Once I rectified that situation (manually installing the module using insmod instead of modprobe), the original problem seems to still be unchanged. Since you have to specify the full path of the module when you use insmod, I'm fairly certain that I was using the correct envy-installed kernel module and not the normal "restricted" module.

Thanks for trying though.

Revision history for this message
Alberto Milone (albertomilone) wrote :

Jeff: what do you mean by "broken installation"?

Also, if you can reproduce the problem, can you attach your /var/log/Xorg.0.log and /var/log/Xorg.0.log.old

Revision history for this message
Jeff Balderson (jbalders) wrote :

Alberto,

In this case EnvyNG yields a broken installation because when Compiz loads (i.e., it uses 3D effects), you get a white screen instead of the expected 3D effects.

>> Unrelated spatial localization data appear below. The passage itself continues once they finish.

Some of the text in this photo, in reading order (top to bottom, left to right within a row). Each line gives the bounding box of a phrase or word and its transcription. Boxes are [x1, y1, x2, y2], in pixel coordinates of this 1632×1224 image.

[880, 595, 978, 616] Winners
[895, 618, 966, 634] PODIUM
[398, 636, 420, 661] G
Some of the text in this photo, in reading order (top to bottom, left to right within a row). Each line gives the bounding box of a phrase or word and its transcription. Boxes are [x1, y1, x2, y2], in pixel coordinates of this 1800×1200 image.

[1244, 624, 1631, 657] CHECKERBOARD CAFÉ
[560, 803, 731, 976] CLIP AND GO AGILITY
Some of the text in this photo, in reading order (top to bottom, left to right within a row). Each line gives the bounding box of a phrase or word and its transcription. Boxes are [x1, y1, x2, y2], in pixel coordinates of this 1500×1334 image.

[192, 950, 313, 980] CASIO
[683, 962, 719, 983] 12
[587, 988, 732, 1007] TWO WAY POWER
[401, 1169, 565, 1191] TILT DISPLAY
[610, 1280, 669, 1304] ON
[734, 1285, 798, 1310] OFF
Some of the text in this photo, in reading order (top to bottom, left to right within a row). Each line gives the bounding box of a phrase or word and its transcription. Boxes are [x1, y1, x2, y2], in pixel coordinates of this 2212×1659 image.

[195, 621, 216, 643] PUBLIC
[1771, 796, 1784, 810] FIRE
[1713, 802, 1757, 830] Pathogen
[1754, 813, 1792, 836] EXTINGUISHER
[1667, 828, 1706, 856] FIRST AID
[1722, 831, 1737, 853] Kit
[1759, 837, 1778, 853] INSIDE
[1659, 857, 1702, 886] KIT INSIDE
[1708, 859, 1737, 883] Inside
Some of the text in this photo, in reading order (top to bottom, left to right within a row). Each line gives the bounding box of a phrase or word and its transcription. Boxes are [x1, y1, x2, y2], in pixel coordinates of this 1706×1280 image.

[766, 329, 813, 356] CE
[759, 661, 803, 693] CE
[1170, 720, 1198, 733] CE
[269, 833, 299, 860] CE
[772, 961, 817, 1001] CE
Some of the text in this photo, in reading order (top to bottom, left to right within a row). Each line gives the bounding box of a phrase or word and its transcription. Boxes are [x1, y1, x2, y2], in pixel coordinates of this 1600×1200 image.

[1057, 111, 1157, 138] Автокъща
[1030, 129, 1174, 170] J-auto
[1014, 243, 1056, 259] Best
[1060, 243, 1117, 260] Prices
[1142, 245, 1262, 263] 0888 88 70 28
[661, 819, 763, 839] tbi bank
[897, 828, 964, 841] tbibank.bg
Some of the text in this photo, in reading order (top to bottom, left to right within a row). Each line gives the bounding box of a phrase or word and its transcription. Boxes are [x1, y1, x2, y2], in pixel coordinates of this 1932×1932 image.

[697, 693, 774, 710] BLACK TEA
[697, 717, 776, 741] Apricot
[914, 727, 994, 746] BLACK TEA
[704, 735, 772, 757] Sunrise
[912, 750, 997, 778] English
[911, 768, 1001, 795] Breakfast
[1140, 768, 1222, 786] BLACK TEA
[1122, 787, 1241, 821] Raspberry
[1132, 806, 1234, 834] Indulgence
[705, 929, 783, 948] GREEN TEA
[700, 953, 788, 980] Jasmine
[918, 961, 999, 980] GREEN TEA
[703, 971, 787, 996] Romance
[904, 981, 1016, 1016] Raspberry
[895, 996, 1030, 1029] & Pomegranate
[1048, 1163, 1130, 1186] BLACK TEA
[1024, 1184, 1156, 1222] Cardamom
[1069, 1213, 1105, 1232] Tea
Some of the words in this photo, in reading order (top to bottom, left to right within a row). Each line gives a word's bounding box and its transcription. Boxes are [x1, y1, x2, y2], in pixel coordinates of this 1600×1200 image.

After some digging, I found this to be because the fglrx kernel module isn't loading. The reason the kernel module isn't loading is because there's no device stanza in xorg.conf which contains "fglrx". If I manually "insmod /lib/modules/2.6.24-19-generic/IForgetTheExactPpathToTheEnvyNGVersionOf/fglrx.ko", I get 3D effects as expected. Note that I was careful to make sure that I wasn't loading a remnant of the older "Hardware Drivers" installed which is normally included in volatile/fglrx.ko.

I don't have this same problem with the "Hardware Drivers" method of getting 3D effects.

Unfortunately, my original problem is experienced with either the EnvyNG installed driver (I forget the exact version that ultimately got installed) or the "Hardware Drivers" installed driver. If I can find some time soon, I'll report it on the ATI bugtracker.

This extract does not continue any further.